A verbatim copy of the lines from the one with "Some of the text" through the final line below is required; print it and nothing else.

= Beginning of Section =

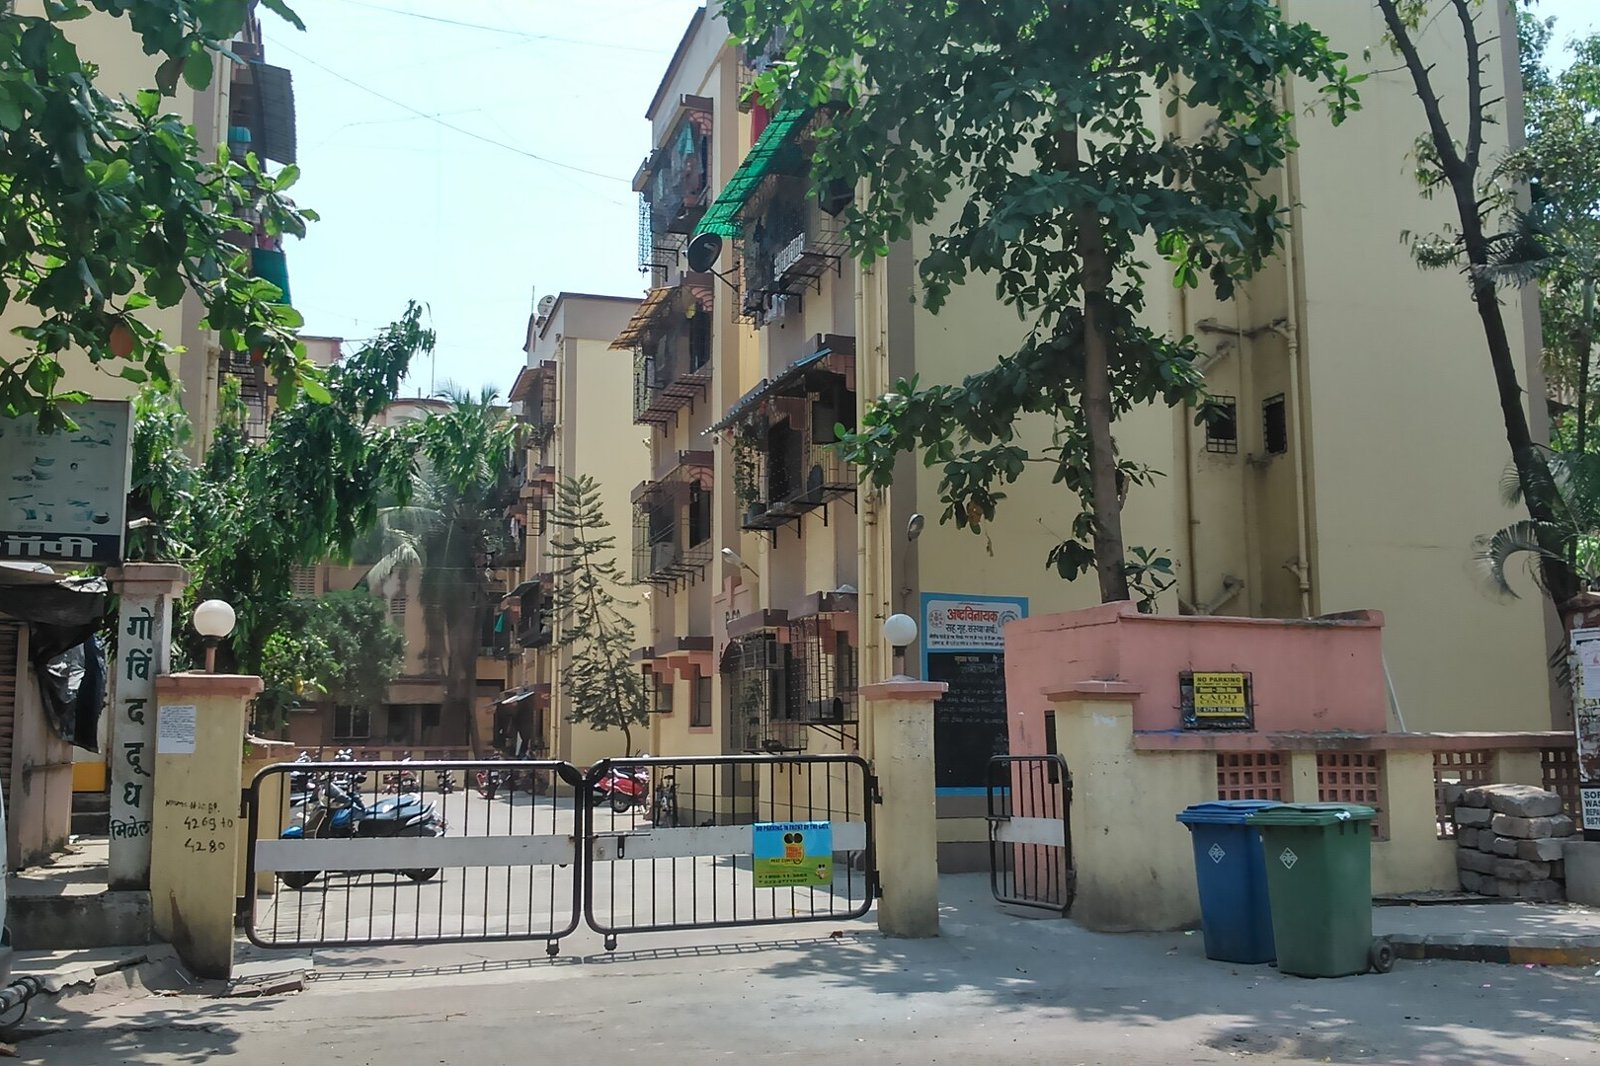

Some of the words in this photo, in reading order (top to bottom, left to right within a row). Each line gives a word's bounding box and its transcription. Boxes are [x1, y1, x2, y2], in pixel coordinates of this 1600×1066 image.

[947, 606, 999, 623] अष्टविनायक
[110, 815, 151, 840] मिळेल
[184, 838, 226, 853] 4280
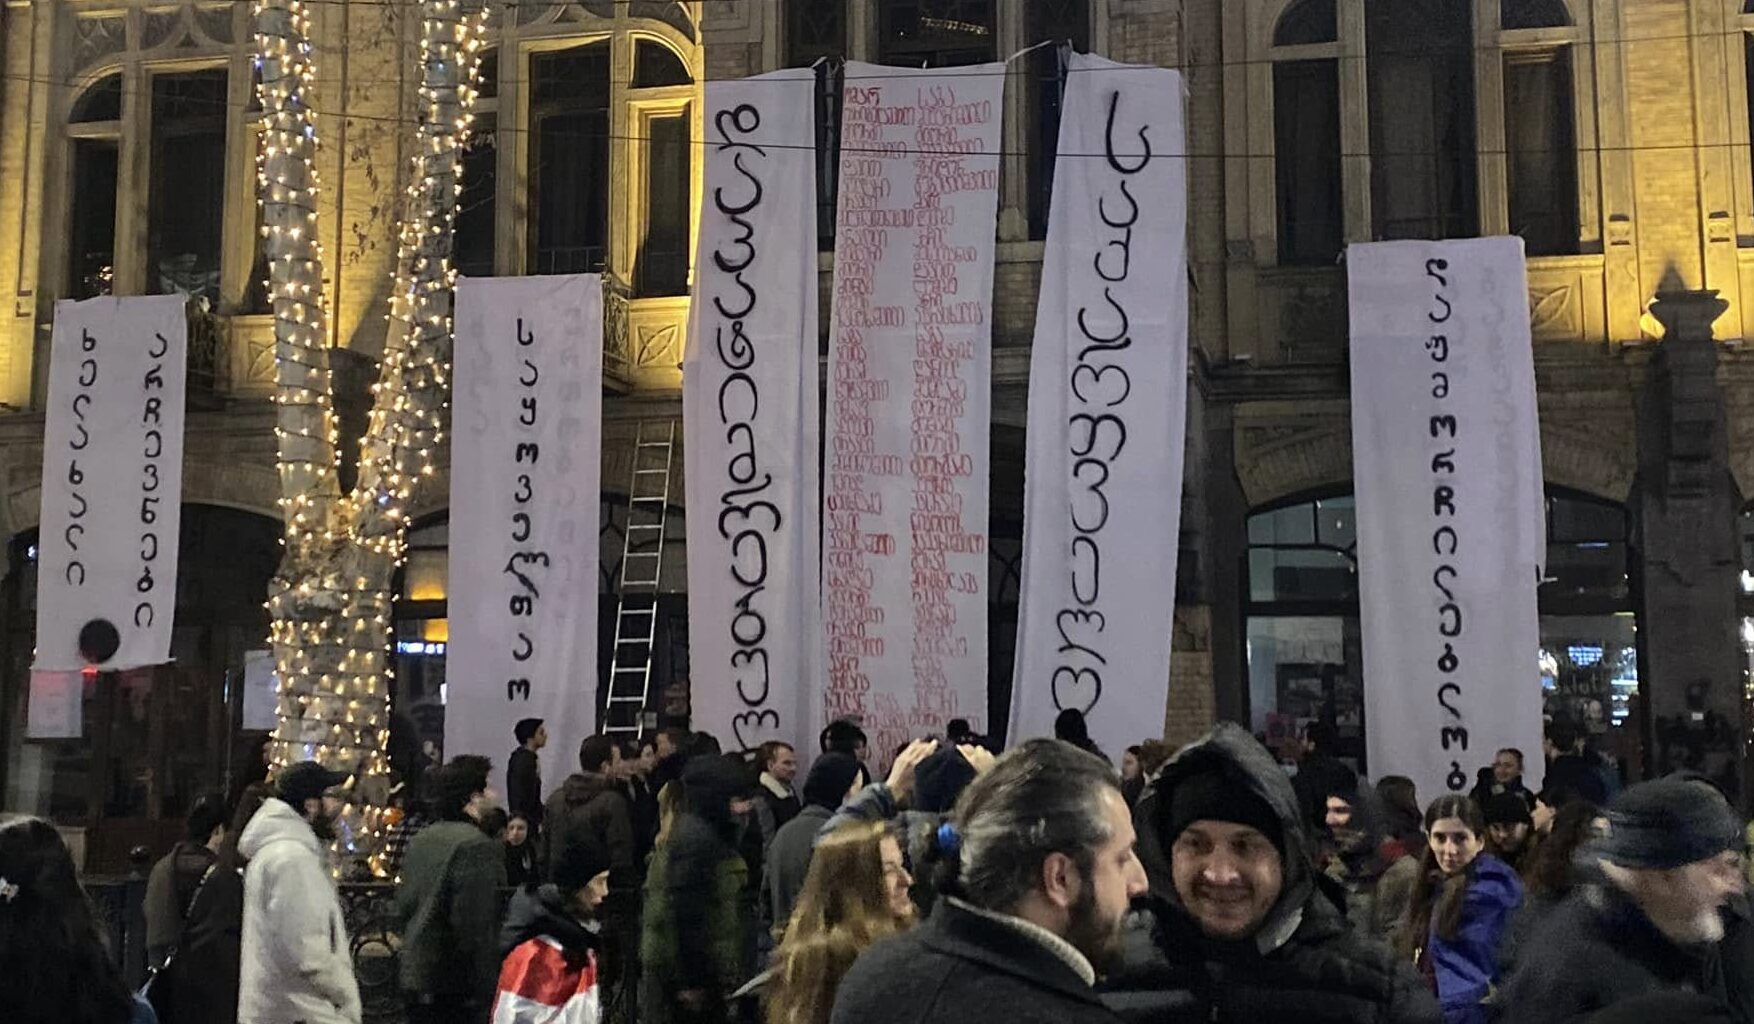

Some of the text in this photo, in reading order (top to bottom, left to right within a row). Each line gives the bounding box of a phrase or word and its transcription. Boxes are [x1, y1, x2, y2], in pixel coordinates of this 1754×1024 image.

[64, 327, 97, 586] ხელახალი
[134, 332, 168, 628] არჩევნები
[503, 317, 550, 701] საყოველთაო
[1425, 257, 1469, 791] დაუმორჩილებლობ

= End of Section =

§ SOLUTION
Some of the text in this photo, in reading order (top to bottom, left to right within a row). Each line gives the bounding box of a phrase or word and its transcription. Boxes are [x1, y1, x2, y2], in pixel coordinates of this 1754×1024 image.

[64, 327, 97, 586] ხელახალი
[134, 332, 168, 628] არჩევნები
[503, 317, 550, 701] საყოველთაო
[1425, 257, 1469, 791] დაუმორჩილებლობ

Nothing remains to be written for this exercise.